I would say that after being in an area that has hogs for the past 5 years, I would hate to give it up to go somewhere else just to deer hunt. The down side is that the deer we hunt are not 140" deer. We are lucky to shoot a couple in the 110"-115"class. We have been thinking about giving up just to hunt larger deer, but that would be very difficult knowing we would be giving up hog hunting. I am trying to convince my buddy that we need to stay as long as possible and maybe book a bow hunt in Iowa or Kentucky for week.


----------



## The Termite (Feb 3, 2012)

I have both deer and hogs and never want to give that up!  Hogs taste so much better than a buck... I tend to let the hogs walk during the "RUT", but spend the middle of the day walking around looking for the natrual white meat.


----------



## Buck killers Wife (Feb 12, 2012)

Id rather hog hunt but hunt both deer and hogs.


----------



## georgia_home (Feb 12, 2012)

i hunt ONE at a time.

which every ONE is in front of me, AND in season.
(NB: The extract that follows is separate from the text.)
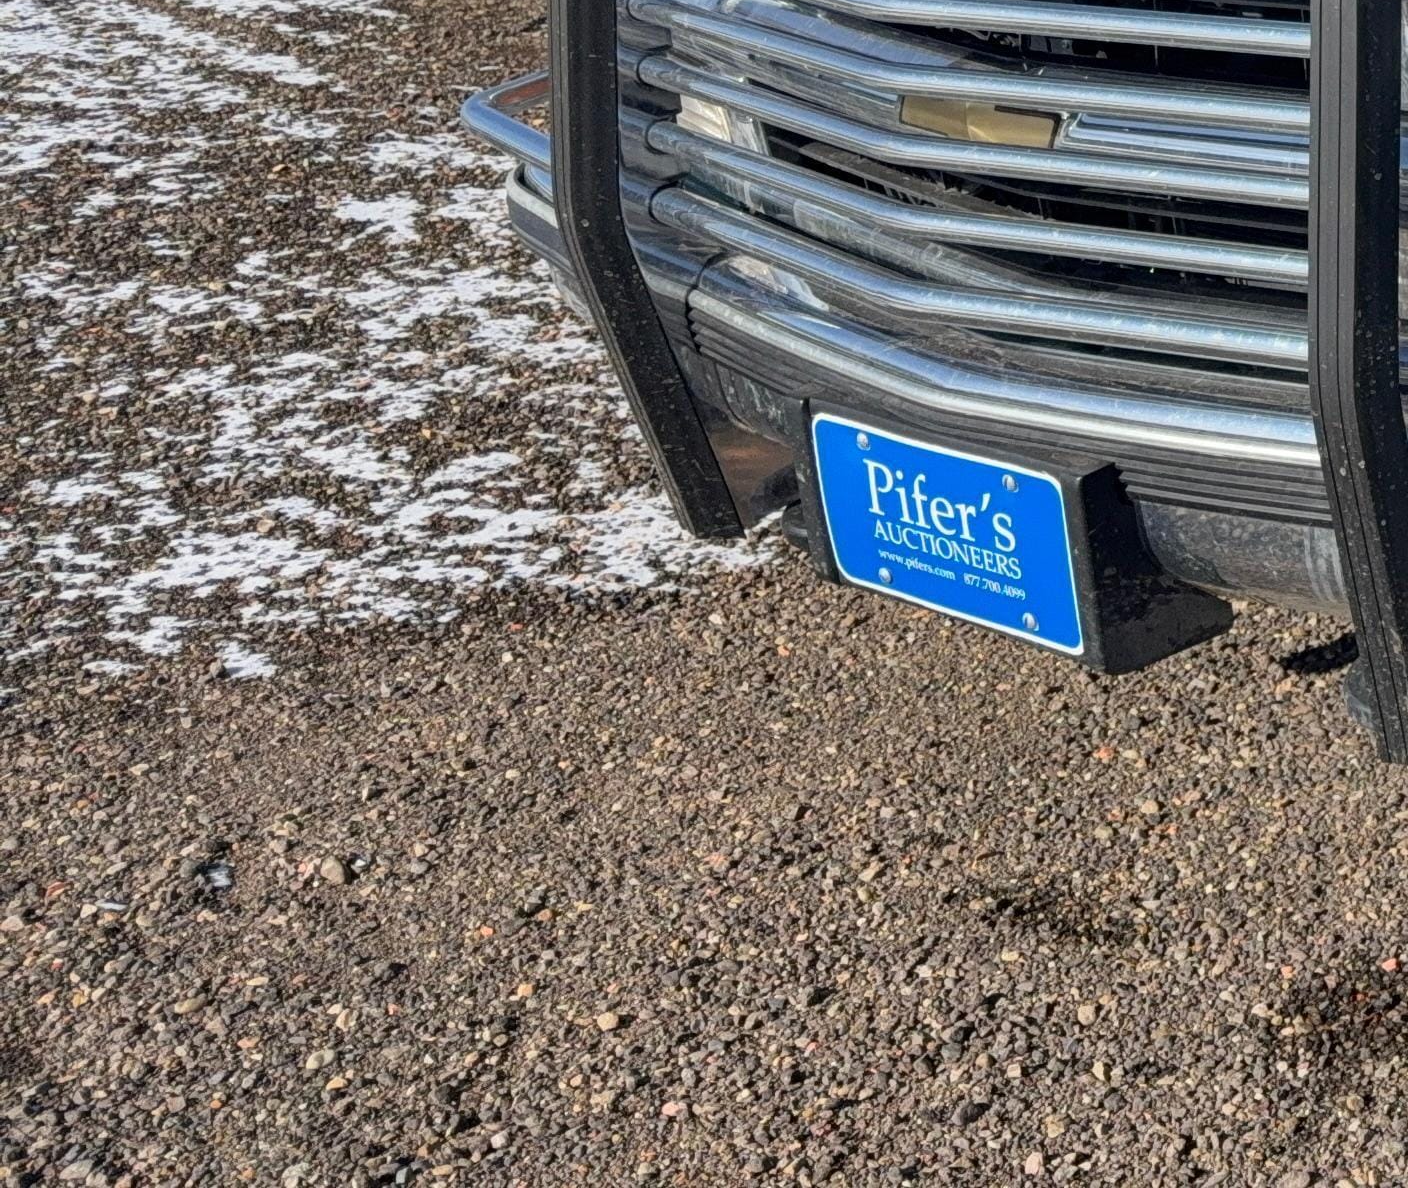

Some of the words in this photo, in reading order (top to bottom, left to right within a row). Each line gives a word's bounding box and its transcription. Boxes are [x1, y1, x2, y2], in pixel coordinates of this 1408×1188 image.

only ONE is in season all year, but thats fine with me. shotgun is over shoulder with a slug up and ready!


----------



## Buck killers Wife (Feb 12, 2012)

Heres some of my hogs!














Thats just one of them! a story was told in those pics!





Heres a couple more!


----------



## work2play (Feb 12, 2012)

hogs hands down-the hunt is funner no question-more hunting/less waitng

enjoy sticking either


----------



## georgia_home (Feb 12, 2012)

BKW,

cool series of pics! good post


----------



## work2play (Feb 12, 2012)

never had this many deer give me an opportunity


----------



## CowtownHunter (Feb 12, 2012)

work2play said:


> never had this many deer give me an opportunity



You're right. There's nothing like the excitement of having a group of hogs coming right at you.


----------



## LoneWolf62 (Feb 13, 2012)

Haven't hunted hogs YET. I'm sure I'm gonna enjoy them as much as deer or more from what I'm reading.


----------



## supaman002 (Feb 16, 2012)

i hunt both dont have any pigs on my deer lease in peach county thank god pigs will run deer away in my experience but after deer season i love hunting pork, after a morning duck hunt on the river i have had good luck or walking the wma with bow in hand is always fun.  so i guess i prefer both


----------



## sniper1 (Feb 16, 2012)

I love hog hunting.  I will take a nice deer on occasion but it won't be because I was deer hunting.


----------



## elmer_fudd (Feb 16, 2012)

I am leaning towards pig hunting.  It is much more challenging to me, but that is because I am new to it.  It is a little frustrating on public land, but I am starting to figure it out.  Deer are easier bcause I have lots of experience.  I sure would like to taste some of that wild pork.  I also like the added element of danger of wild hogs.


----------



## Ga Waters (Feb 17, 2012)

At this point in my hunting evolution I would have to say pigs. For the last two years I've hunted exclusively with a traditional muzzel loader on public land. Pigs provide an opportunity for seeing new teritory, long season,I seldom see another human, no need to arrive before daylight or stay till after dark, and the meat is excellent.


----------



## benosmose (Feb 17, 2012)

I dont even feel there is a comparison.I love to hunt deer but hog hunting with my dogs is what I think about yearround hot cold rain shine night or day. Deer season gets old to me by thanksgiving.


----------



## SWWTV (Feb 18, 2012)

supaman002 said:


> i hunt both dont have any pigs on my deer lease in peach county thank god pigs will run deer away in my experience but after deer season i love hunting pork, after a morning duck hunt on the river i have had good luck or walking the wma with bow in hand is always fun.  so i guess i prefer both



Got them both and I have video of hogs and deer feeding together in food are plots and under acorn trees.


----------



## lungbuster123 (Feb 18, 2012)

SWWTV said:


> Got them both and I have video of hogs and deer feeding together in food are plots and under acorn trees.



x2 on that...just about everywhere I hunt has both pigs and deer. Ive never seen pigs run a deer off...I always see lots of both out of the same areas all season long.


For me it's a close one! I love to hunt deer, but hunting pigs is a rush like no other (on the ground.) I think your chances of killing a big pig are a lot greater then killing a big mature buck 9-10 times also.


----------



## arrendale8105 (Feb 18, 2012)

benosmose said:


> I dont even feel there is a comparison.I love to hunt deer but hog hunting with my dogs is what I think about yearround hot cold rain shine night or day. Deer season gets old to me by thanksgiving.



X2 for me


----------